Bonne croissance en 2008 mais avenir incertain pour le cimentier

Lafarge Ciments a beau afficher des résultats annuels  2008 en forte progression, cela ne lui suffit pas pour s’attirer les faveurs des analystes. Ceux d’Attijari Intermédiation adoptent une position particulièrement critique dans une récente note de recherche qu’ils consacrent au cimentier.   
Ils pointent d’abord une décélération inquiétante des ventes de ciments pour le 1er opérateur national. Lafarge, qui a en effet publié une progression de ses ventes de 6,2%, sous-performe la consommation de ciment en 2008 qui s’est établie à 9,9%. L’argument avancé par le management lors de la publication des résultats, à savoir un impact négatif sur les ventes du fait de fortes intempéries, est balayé d’une seule main par les analystes d’Attijari Intermédiation. Car si les intempéries ont été pénalisantes pour le marché du Nord, il y avait largement de quoi se rattraper sur les marchés du Grand Casablanca et celui de l’Oriental.

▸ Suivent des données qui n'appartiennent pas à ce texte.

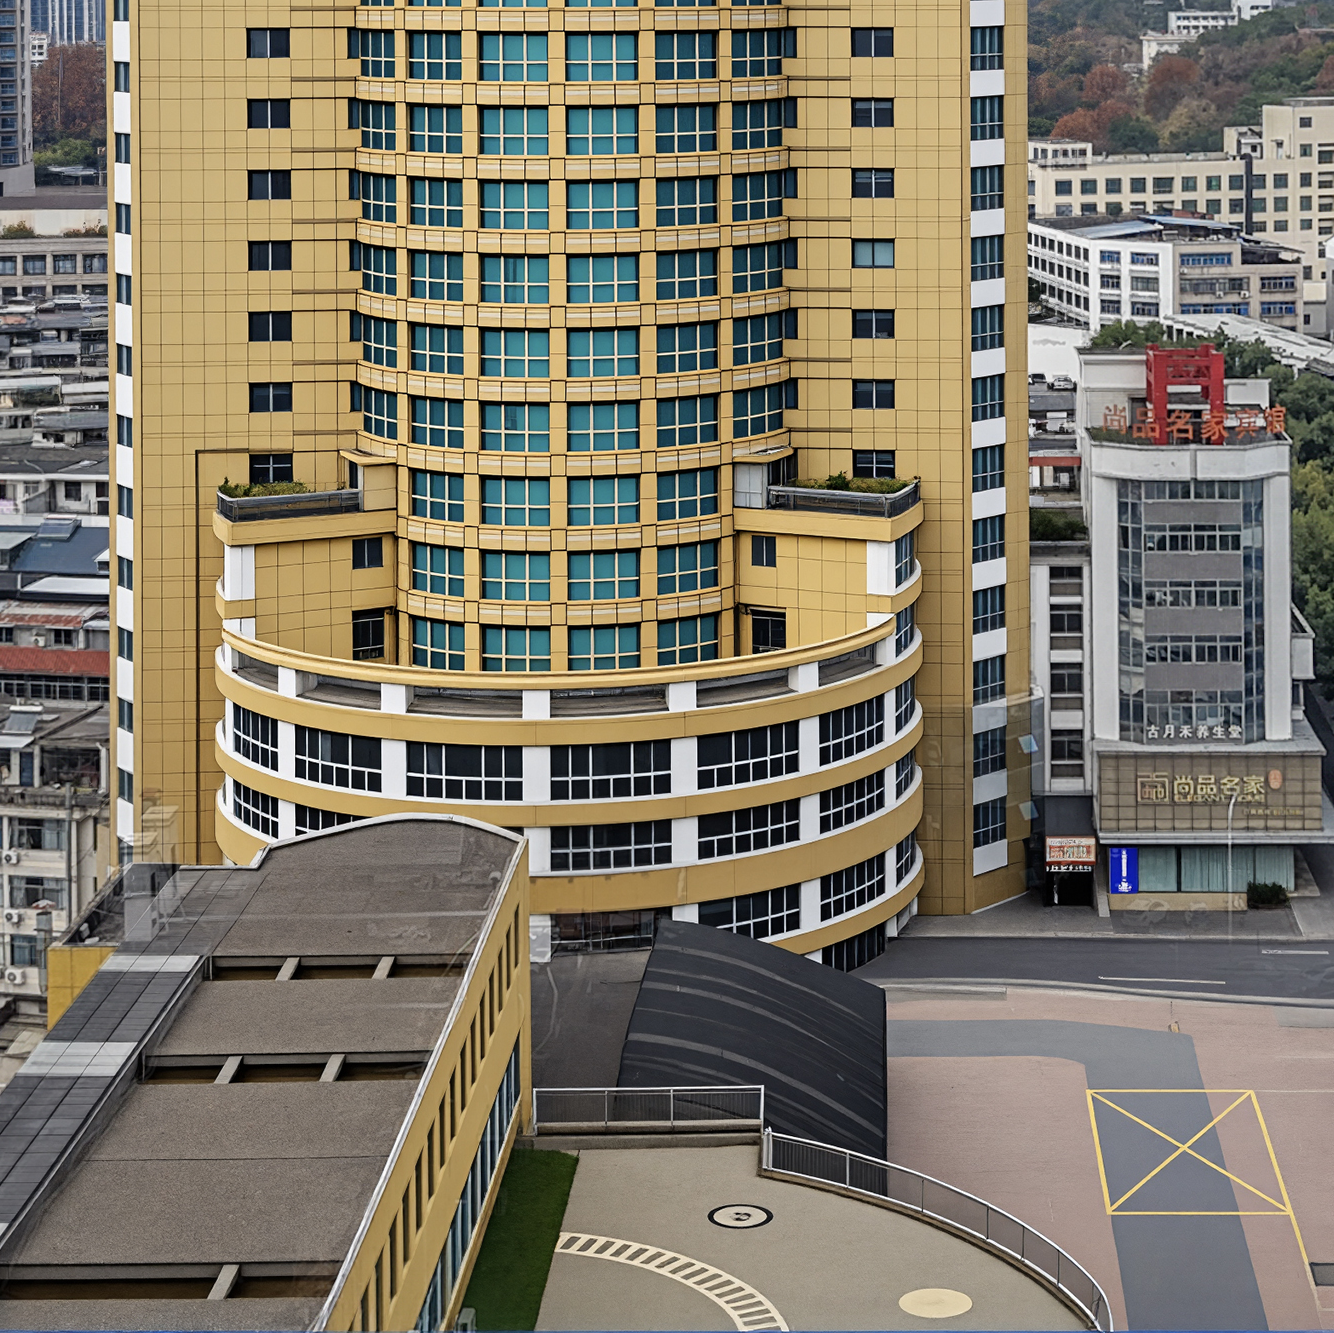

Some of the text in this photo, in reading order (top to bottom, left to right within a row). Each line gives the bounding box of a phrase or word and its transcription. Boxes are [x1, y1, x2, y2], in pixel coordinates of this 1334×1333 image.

[1102, 403, 1287, 440] 尚品名家宾馆
[1146, 724, 1243, 739] 古月禾养生堂
[1173, 775, 1265, 795] 尚品名家

Mais puisqu’il n’en est rien, les analystes de la société de Bourse émettent l’hypothèse que Lafarge n’a pas été en mesure de capter la demande sur les deux régions précédemment citées. Cela est dû à deux facteurs : la saturation de la capacité de production au niveau de l’usine de Meknès (à l’origine de la déperdition de 2,2% de parts de marché pour Lafarge dans la région, selon les estimations d’Attijari Intermédiation) et l’entrée en production à plein régime de l’usine de Holcim à Settat qui a permis d’améliorer son taux de pénétration sur la région du Grand Casablanca
Une nécessité donc, selon Attijari Intermédiation : «Des investissements imminents doivent être engagés afin de répondre au mieux à l’évolution de la demande et éviter au cimentier de continuer à perdre des parts de marché».          

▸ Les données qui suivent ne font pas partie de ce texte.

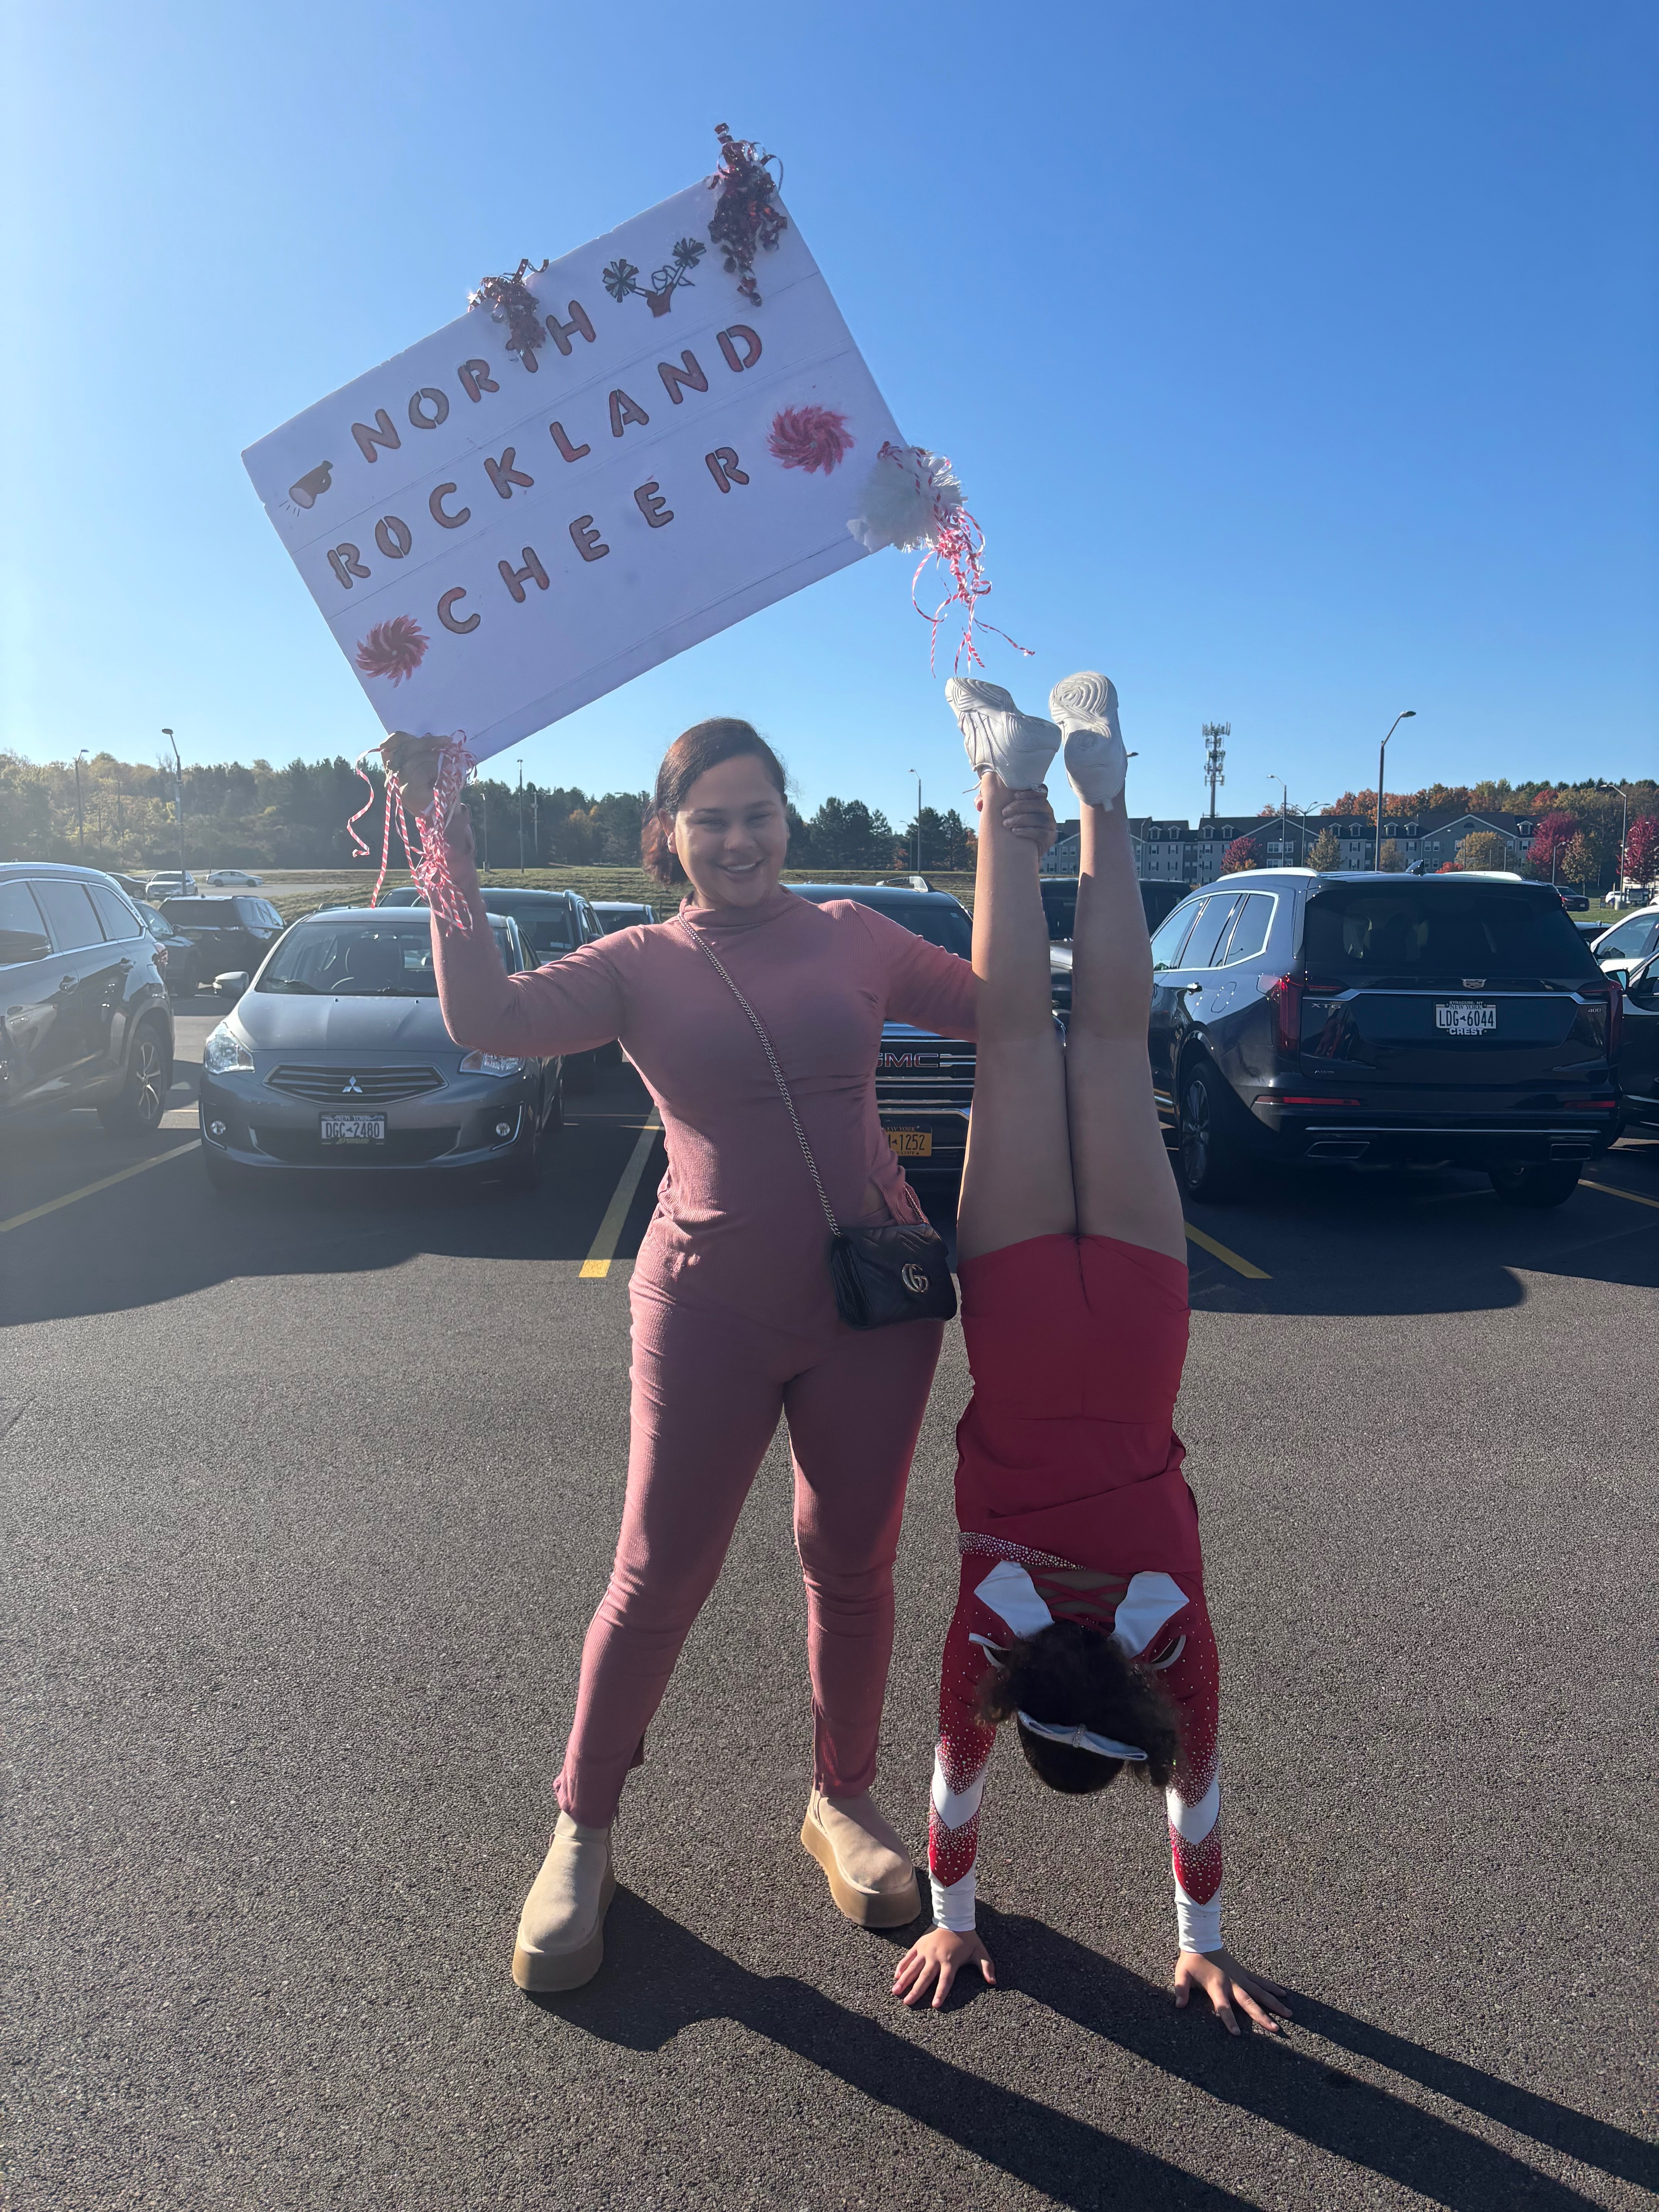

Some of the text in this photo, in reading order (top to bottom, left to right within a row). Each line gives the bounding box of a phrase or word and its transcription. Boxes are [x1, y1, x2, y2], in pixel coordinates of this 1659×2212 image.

[327, 324, 763, 589] ROCKLAND
[436, 446, 750, 635] CHEER
[1439, 1010, 1494, 1027] LDG 6044

Il demeure, comme cité précédemment, que la société affiche des indicateurs orientés à la hausse au titre de 2008. Le chiffre d’affaires progresse de 11,1%, conjuguant un effet volume sur les ventes de ciments de 6,2% et un effet prix de 4,9%. Le résultat net s’inscrit en progression de 43,3%, à 1,8 milliard de DH. Mieux encore, sur le plan boursier, le titre Lafarge affiche des multiples attractifs au vu de son secteur, à savoir un P/E 2009 de 15 et un rendement de 4%.
De fait, le jugement d’Attijari Intermédiation sur les perspectives du titre, bien qu’il soit mitigé, n’empêche pas moins la société de Bourse de recommander sa conservation avec un cours cible de 1 543 DH. Ce qui établit sa décote à 3,55% sur la base du cours de 1 490 DH observé le 16 mars. A noter toutefois que le titre demeure fluctuant. Entre le 20 février et le 16 mars 2009, il aura augmenté de près de 5%, passant de 1 420 à 1 490 DH tout en ayant atteint un pic de 1 544 DH le 5 mars.